Domain Services

Throughout conversations with Domain Experts, you'll come across concepts in the Ubiquitous Language that can't be neatly represented as either an Entity or a Value Object, such as:

  • Users being able to sign into systems by themselves
  • A shopping cart being able to become an order by itself

The preceding example are two concrete concepts, neither of which can naturally be bound to either an Entity or a Value Object. Further highlighting this oddity, we can attempt to model the behavior as follows:

class User
{
public function signUp($aUsername, $aPassword)
{
// ...
}
}

class Cart
{
public function createOrder()
{
// ...
}
}

In the case of the first implementation, we're not able to know that the given username and password relate to the invoked-upon user instance. Clearly, this operation doesn't suit this Entity; instead, it should be extracted out into a separate class, making its intention explicit.
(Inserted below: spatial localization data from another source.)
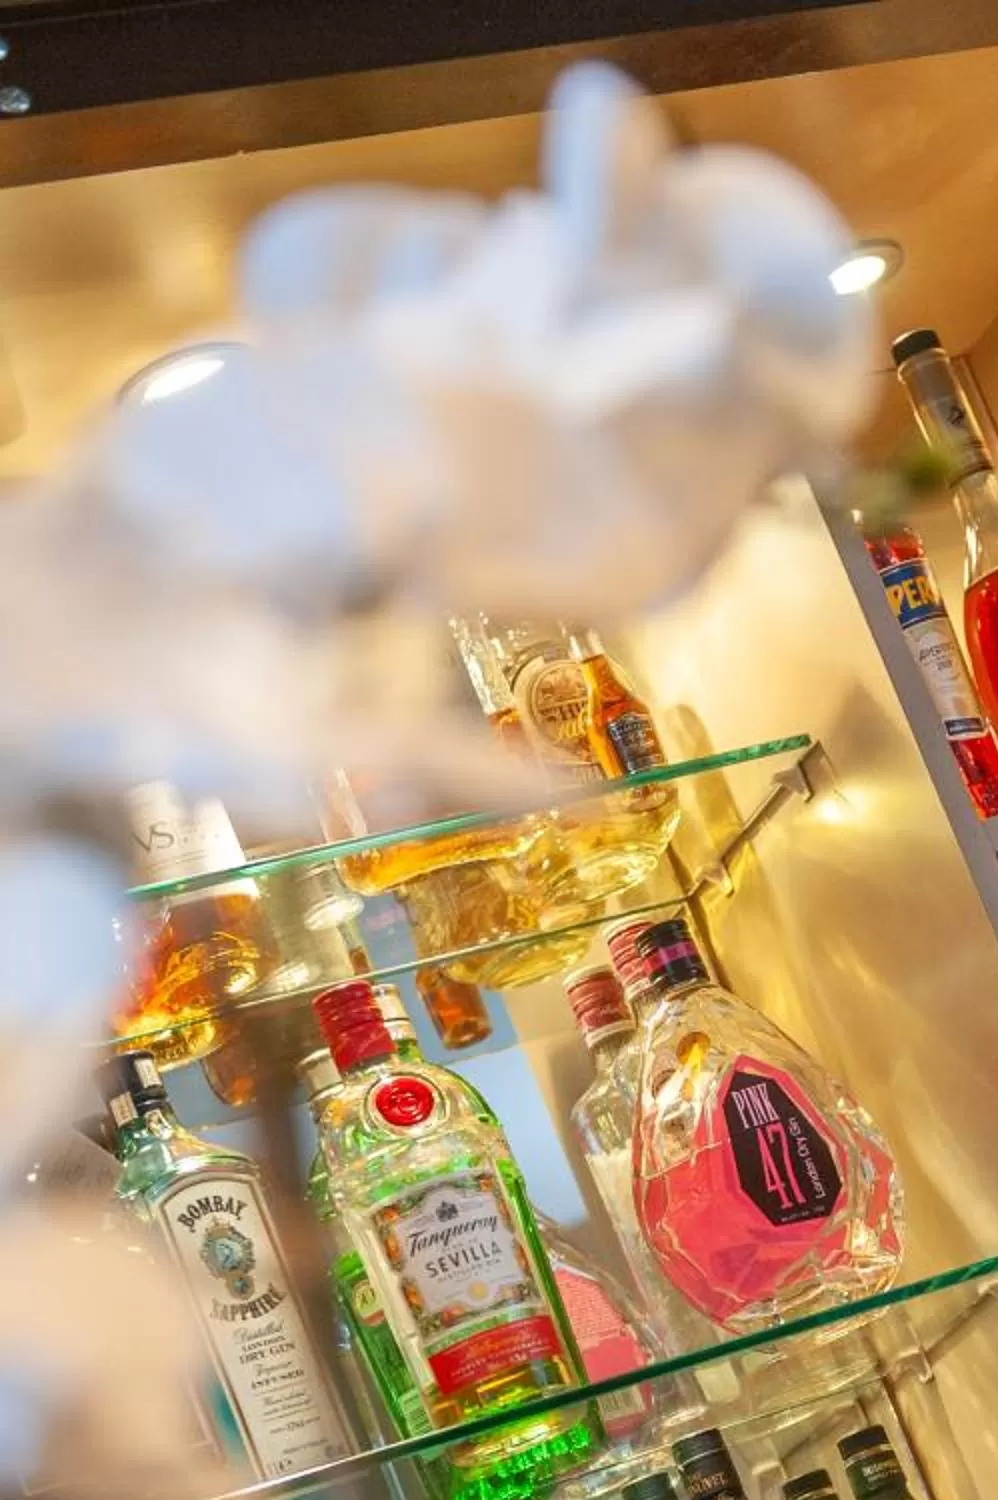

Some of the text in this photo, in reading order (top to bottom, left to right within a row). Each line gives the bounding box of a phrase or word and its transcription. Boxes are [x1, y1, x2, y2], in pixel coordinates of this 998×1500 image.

[731, 1082, 780, 1130] PINK
[756, 1122, 807, 1209] 47
[177, 1195, 248, 1232] BOMBAY
[408, 1214, 499, 1259] Tanqueray
[425, 1241, 503, 1279] SEVILLA
[209, 1283, 287, 1322] SAPPHIRE
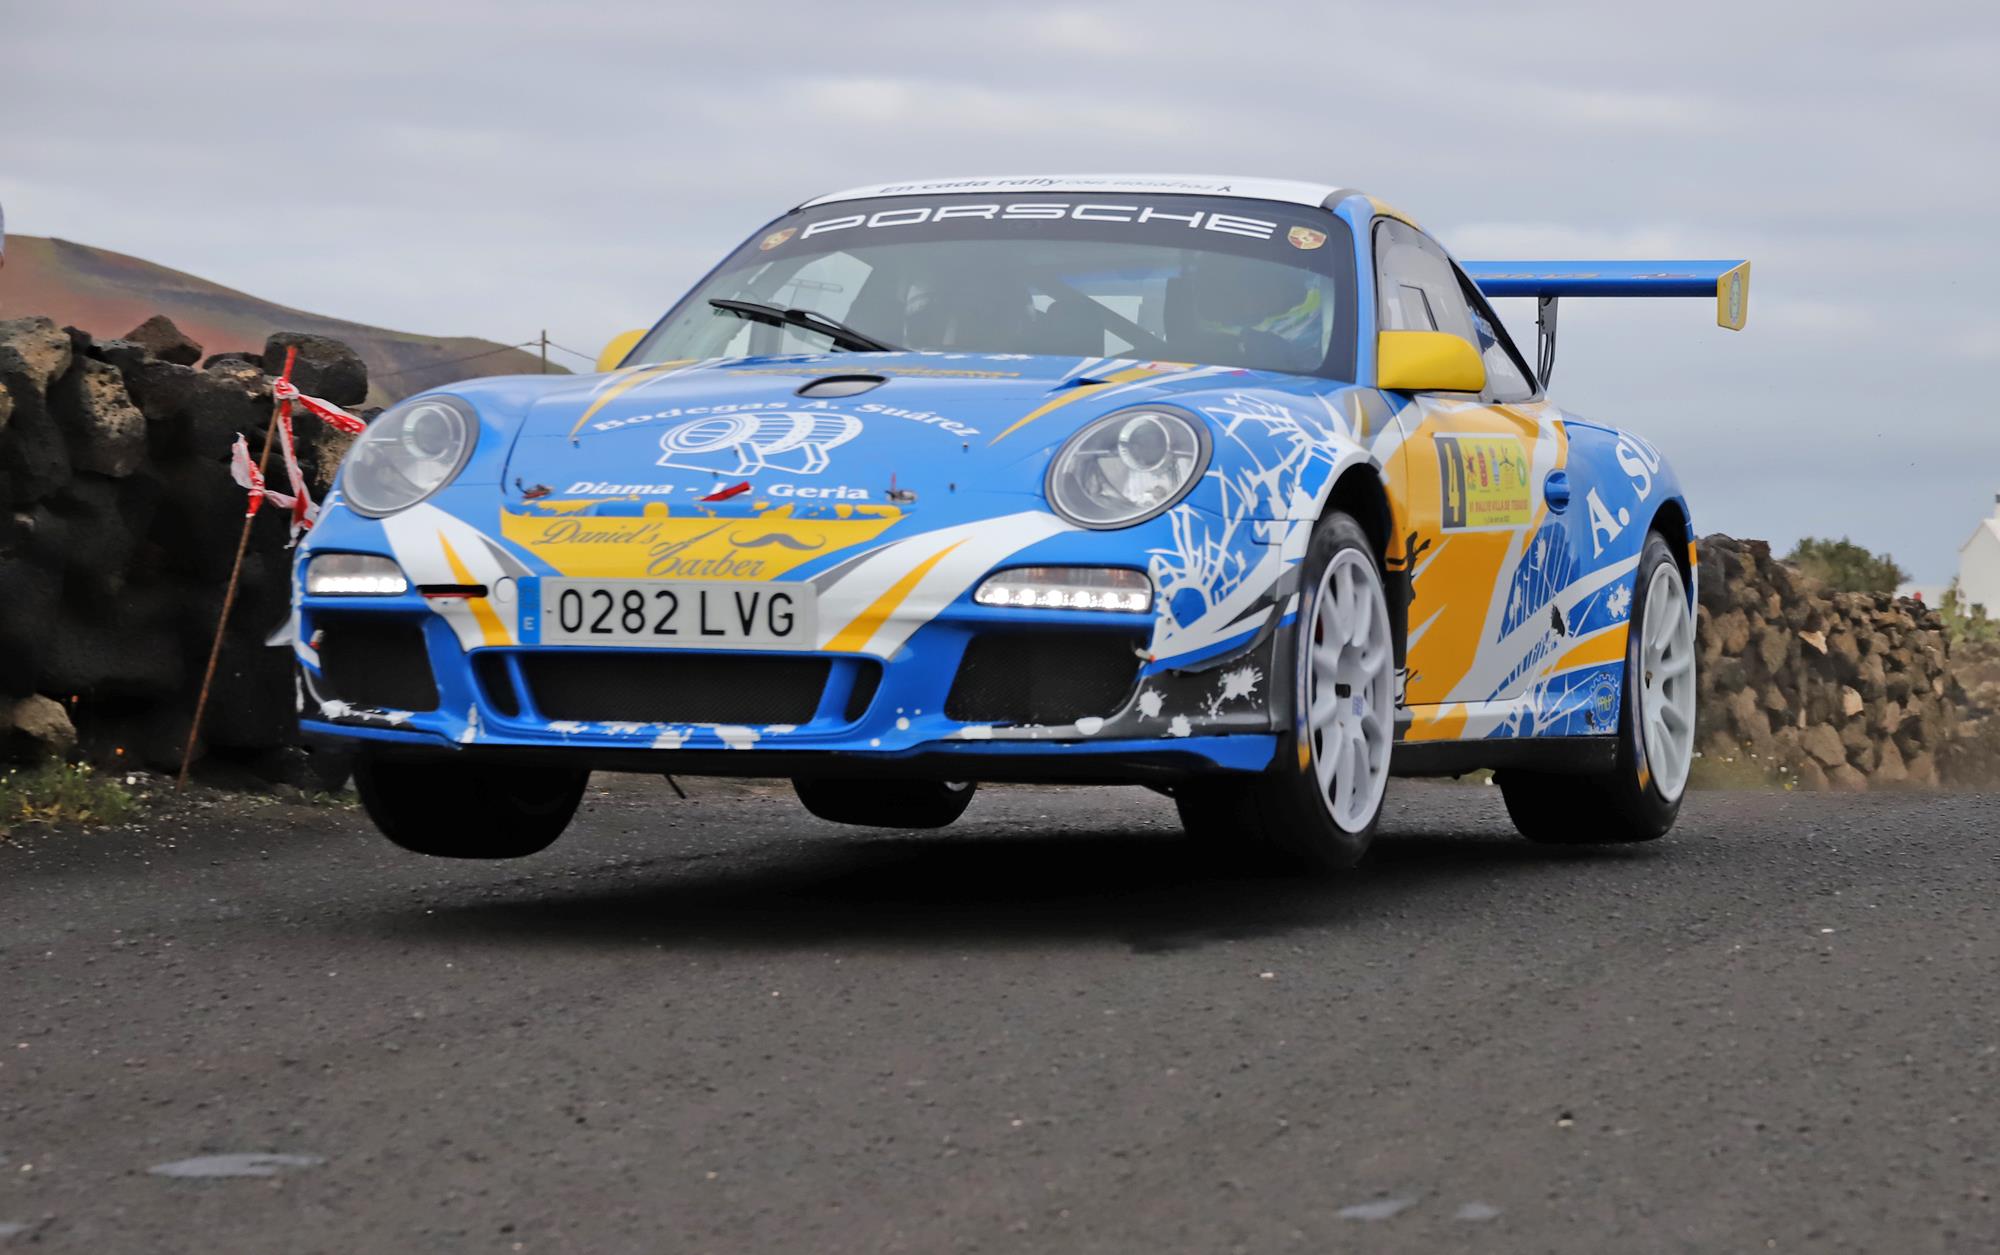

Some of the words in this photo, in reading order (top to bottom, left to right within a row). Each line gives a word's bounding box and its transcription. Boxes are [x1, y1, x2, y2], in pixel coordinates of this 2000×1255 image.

[922, 180, 991, 190] cada
[996, 177, 1063, 187] rally
[800, 203, 1277, 240] PORSCHE
[592, 401, 789, 431] Bodegas
[797, 401, 840, 410] A.
[855, 403, 982, 437] Suárez
[564, 481, 675, 495] Diama
[767, 483, 870, 500] Geria
[530, 518, 664, 546] Daniel's
[1586, 487, 1630, 560] A.
[646, 520, 765, 577] Barber
[523, 616, 535, 631] E
[559, 588, 679, 635] 0282
[700, 590, 795, 637] LVG
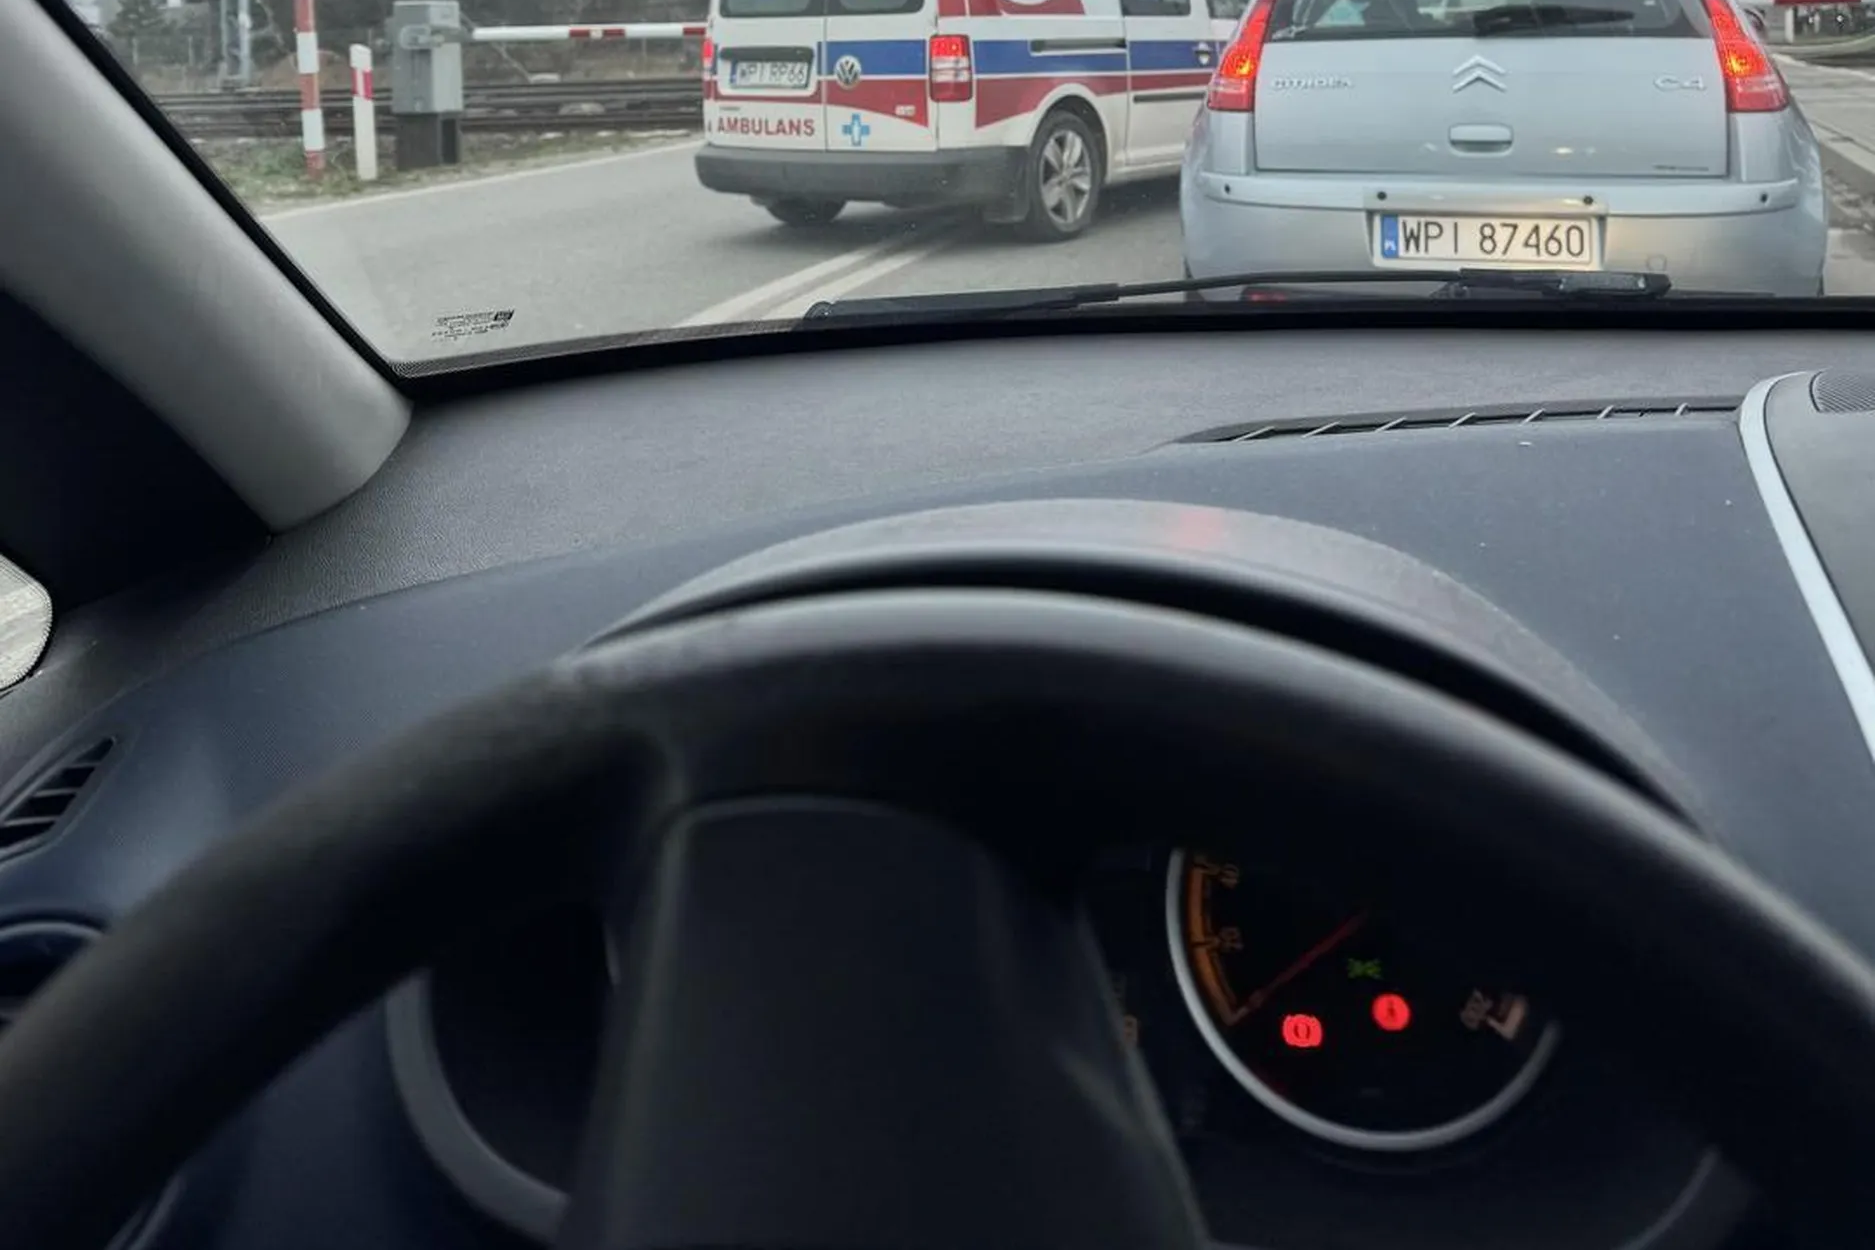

With this in mind, we could create a Domain Service with the sole responsibility of authenticating users:

class SignUp
{
public function execute($aUsername, $aPassword)
{
// ...
}
}

Similarly, as in the case of the second example, we could create a Domain Service specialized in creating orders from a supplied cart:

class CreateOrderFromCart
{
public function execute(Cart $aCart)
{
// ...
}
}

A Domain Service can be defined as an operation that fulfills a Domain task and naturally doesn't fit into either an Entity or a Value Object. As concepts that represent operations in the Domain, Domain Services should be used by clients regardless of their run history. Domain Services don't hold any kind of state by themselves, so Domain Services are stateless operations.